Assignment:
Reproduce the listing in its entirety. Do not reproduce the pictures.
□ □ □ □
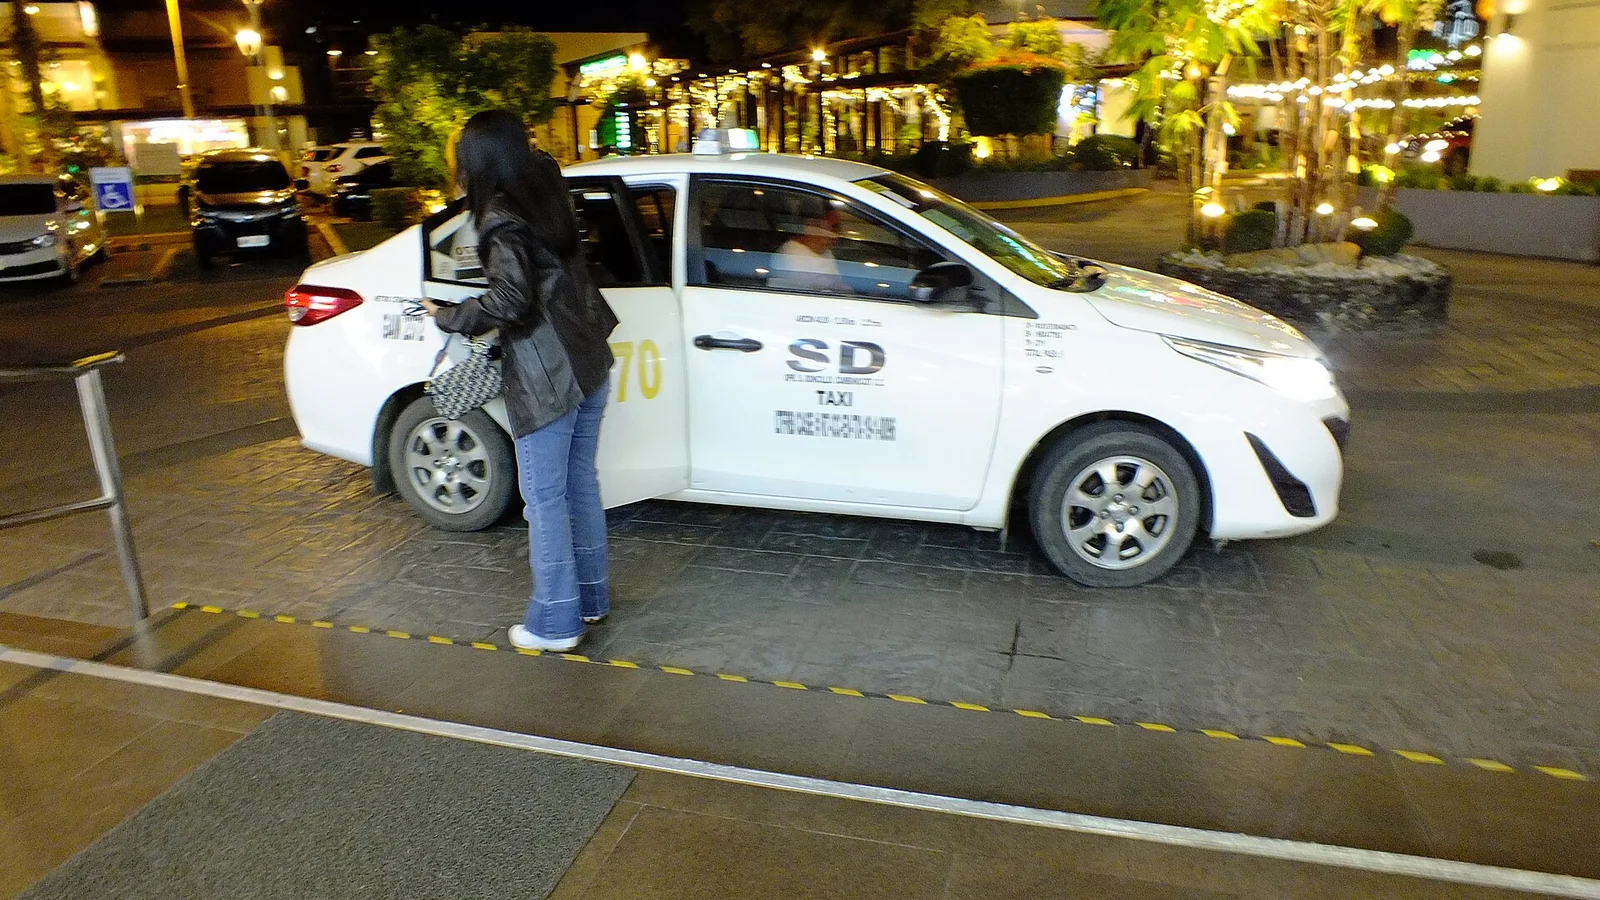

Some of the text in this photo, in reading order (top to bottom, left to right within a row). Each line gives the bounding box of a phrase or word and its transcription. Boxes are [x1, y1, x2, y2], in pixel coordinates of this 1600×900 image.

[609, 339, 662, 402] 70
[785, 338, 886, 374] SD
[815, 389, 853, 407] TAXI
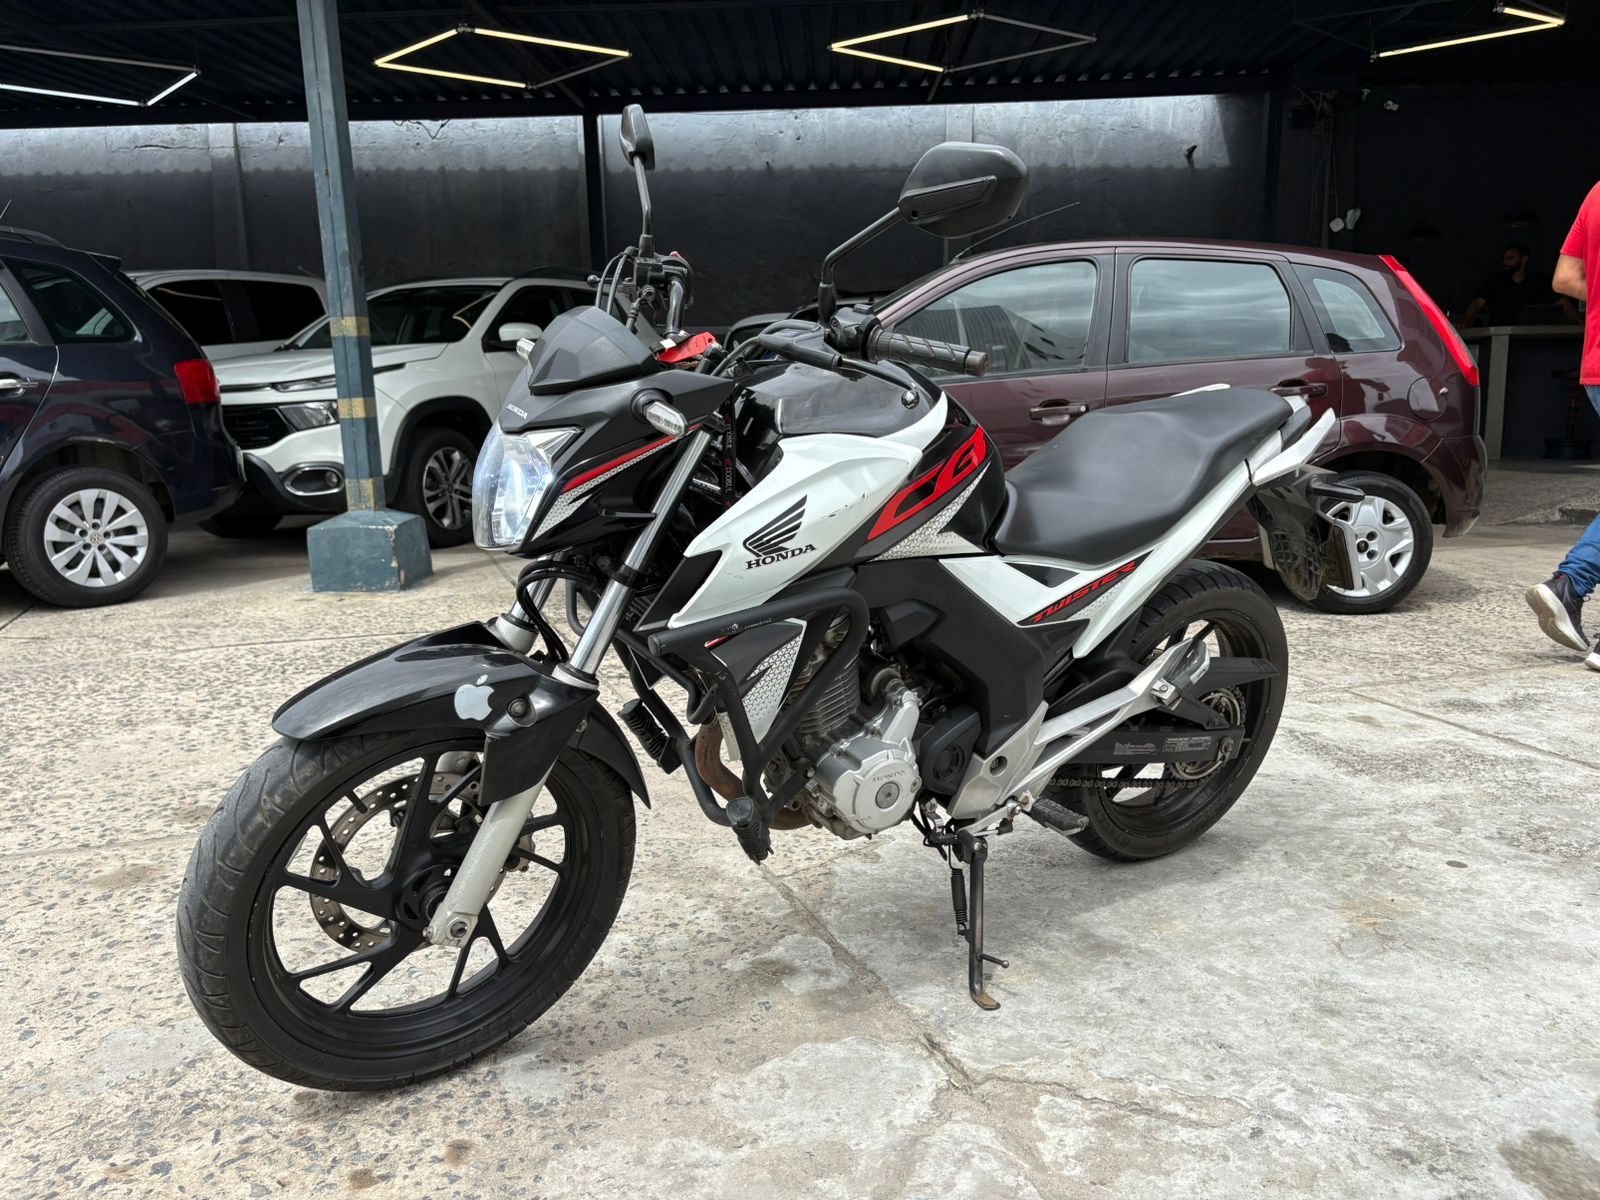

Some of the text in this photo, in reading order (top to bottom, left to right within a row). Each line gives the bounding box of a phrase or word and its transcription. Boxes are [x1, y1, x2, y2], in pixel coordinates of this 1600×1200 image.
□ □ □ □
Answer below:
Some of the text in this photo, in reading order (top to bottom, left to right within a row). Each line gives the bounding box of a phrase or word and its transcription. Boxes are [x1, y1, x2, y2], in pixel coordinates of this 1600×900 image.

[609, 339, 662, 402] 70
[785, 338, 886, 374] SD
[815, 389, 853, 407] TAXI

Some of the text in this photo, in reading order (top to bottom, left to right within a row). Each line gives the bounding box of a phrase or word and its transcription. Boxes are [x1, y1, x2, y2], in pixel coordinates of this 1600×1200 image.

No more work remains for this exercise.